North East sees highest growth in distressed companies thanks to curtailed Covid support and spiralling costs

The North East has seen more firms become critically distressed than anywhere else in the country, new research has found.

Between the final quarter of 2021 and the first quarter of 2022, the region experienced a 107% increase in companies in the bracket, which means they've had county court judgements of more than £5,000 filed against them.

Research in Begbies Traynor's Red Flag Alert report highlights the curtailment of Covid support measures, the demands of repaying loans and spiralling costs as key reasons behind the rise.

Read more: North East accountants Tait Walker acquired by national group Azets

The report's authors have suggested it could spell a "wave of insolvencies coming" and have called on the Government to write off debts accrued via the likes of the Coronavirus Business Interruption Loan Scheme to help businesses.

There was some good news with a 2% fall in early-stage distress - when businesses have CCJs of less than £5,000 filed against them - though more than 11,178 businesses in the region were affected.
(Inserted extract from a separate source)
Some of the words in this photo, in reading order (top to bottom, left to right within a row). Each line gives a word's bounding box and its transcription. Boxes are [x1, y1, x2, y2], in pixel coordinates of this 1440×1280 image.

Gillian Sayburn, partner for Begbies Traynor in the North East, said: “The positive news that early business distress in the North East fell slightly in the latest quarter has to be tempered by a touch of realism as we face the most severe energy crisis since the 1970s. Given ongoing global uncertainty with the worsening situation in Ukraine and further lockdowns in China adding to supply chain problems, the economic outlook is looking very rocky in the immediate future.

“After two years of Covid disruption, unfortunately, it is likely that there are further challenging times ahead and we urge business owners to ensure they are as well-prepared as possible.”
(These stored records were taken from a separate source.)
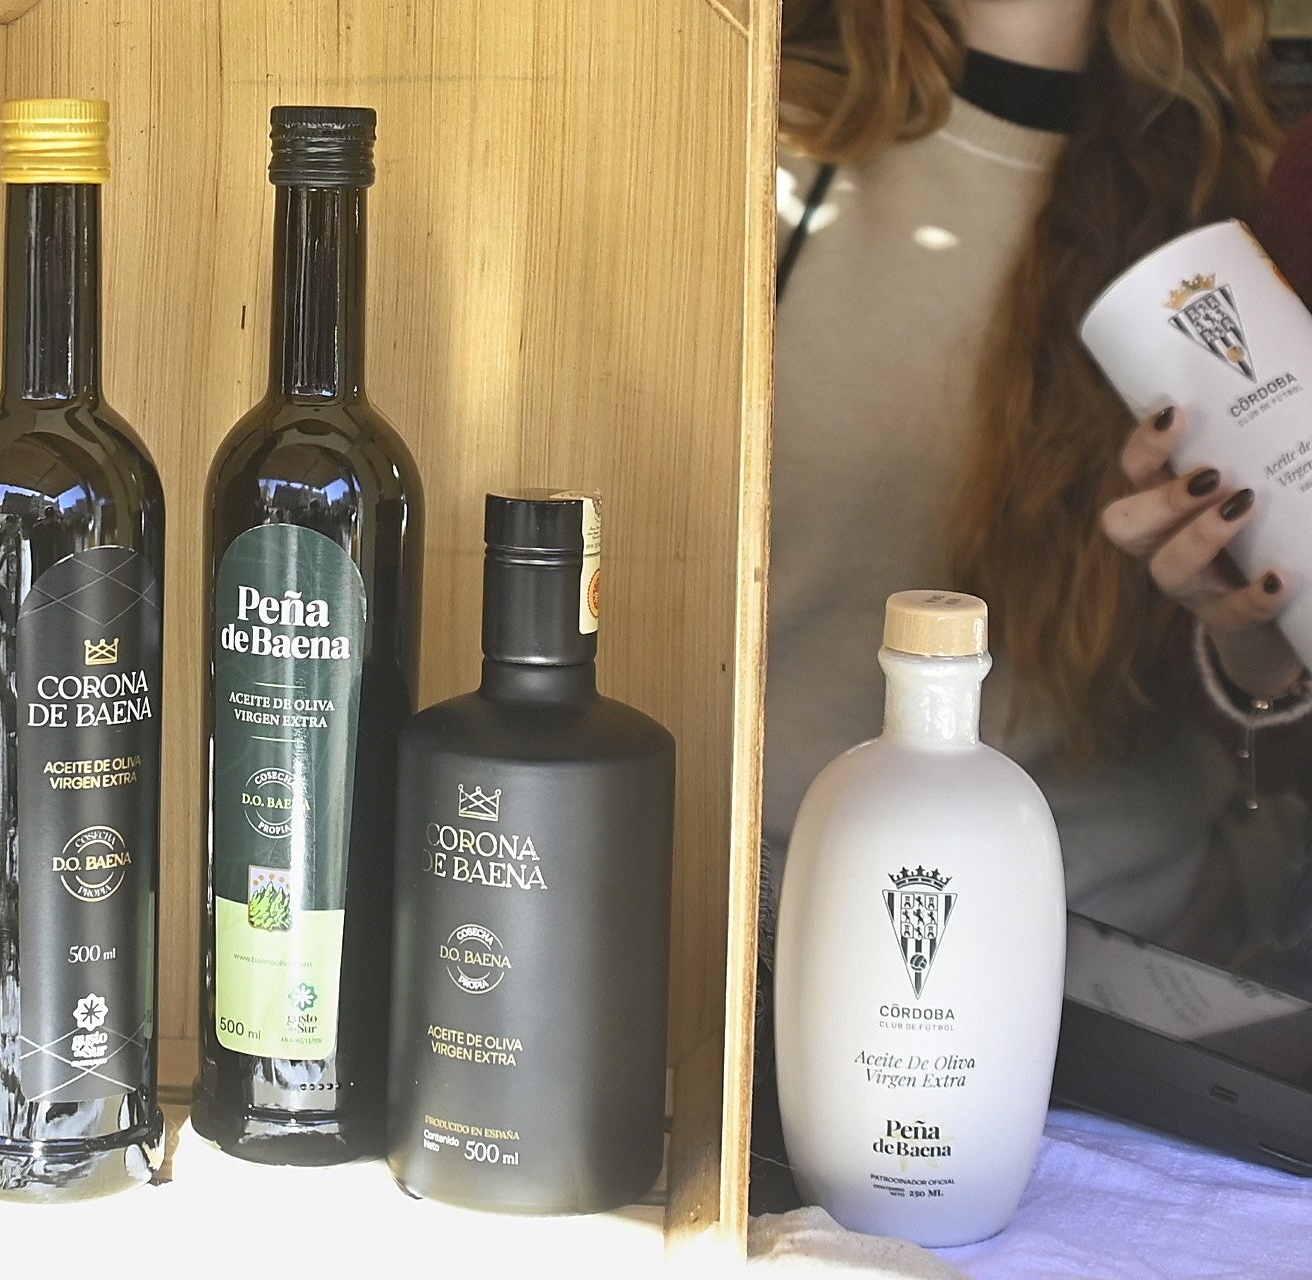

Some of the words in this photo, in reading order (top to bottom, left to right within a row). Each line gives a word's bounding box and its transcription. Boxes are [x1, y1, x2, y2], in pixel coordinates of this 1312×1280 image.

[1265, 449, 1298, 479] Aceite
[1298, 440, 1312, 456] de
[237, 585, 330, 628] Peña
[221, 624, 249, 653] de
[251, 626, 351, 660] Baena
[37, 670, 149, 700] CORONA
[27, 703, 68, 727] DE
[75, 695, 153, 728] BAENA
[229, 691, 270, 708] ACEITE
[272, 698, 293, 710] DE
[294, 700, 335, 712] OLIVA
[234, 708, 279, 726] VIRGEN
[282, 714, 327, 728] EXTRA
[43, 760, 92, 775] ACEITE
[93, 759, 111, 774] DE
[112, 755, 142, 771] OLIVA
[49, 776, 101, 790] VIRGEN
[102, 772, 138, 787] EXTRA
[241, 792, 265, 807] D.O.
[74, 830, 116, 849] COSECHA
[426, 822, 540, 861] CORONA
[52, 856, 81, 872] D.O.
[85, 852, 132, 870] BAENA
[452, 856, 548, 890] BAENA
[77, 884, 112, 898] PROPIA
[456, 927, 494, 946] COSECHA
[68, 944, 101, 964] 500
[103, 947, 116, 961] ml
[440, 945, 461, 962] D.O.
[464, 950, 512, 969] BAENA
[457, 974, 490, 990] PROPIA
[220, 1016, 245, 1036] 500
[248, 1030, 261, 1040] ml
[287, 1013, 318, 1026] gusto
[297, 1023, 317, 1034] Sur
[879, 1021, 903, 1029] CLUB
[427, 1024, 464, 1044] ACEITE
[466, 1033, 483, 1047] DE
[484, 1036, 523, 1052] OLIVA
[431, 1040, 472, 1062] VIRGEN
[474, 1050, 517, 1066] EXTRA
[854, 1051, 903, 1069] Aceite
[907, 1055, 930, 1071] De
[934, 1054, 976, 1071] Oliva
[866, 1068, 917, 1089] Virgen
[922, 1073, 967, 1088] Extra
[423, 1128, 460, 1147] Contenido
[424, 1114, 470, 1134] PRODUCIDO
[470, 1126, 483, 1137] EN
[484, 1128, 520, 1141] ESPAÑA
[886, 1119, 940, 1140] Peña
[423, 1139, 440, 1152] Neto
[464, 1140, 500, 1164] 500
[502, 1152, 519, 1166] ml
[872, 1138, 895, 1155] de
[896, 1141, 952, 1157] Baena
Julie Palmer, fellow partner at Begbies Traynor, added: "The critical distress and CCJ data are likely predictors of a wave of insolvencies coming - it's just a case of when the dam holding it back finally bursts.

"The latest Government insolvency figures for March reinforce this worrying trend with creditors voluntary liquidations - the most common type of corporate insolvency - more than doubling compared to March 2021 and up 62% compared to March 2019.

"The Government's finances are themselves taking a hit from the increasing interest environment; they are simply not able to introduce further significant funding into the system, and they now have a choice to make. Do they rush to recover funds handed out during the pandemic to ensure there was a functioning economy afterwards? Or look for ways to control the number of businesses that fail?

"Having put so much money into protecting businesses over the past two years, ministers won't want to see it wasted as companies collapse, unable to repay their debts."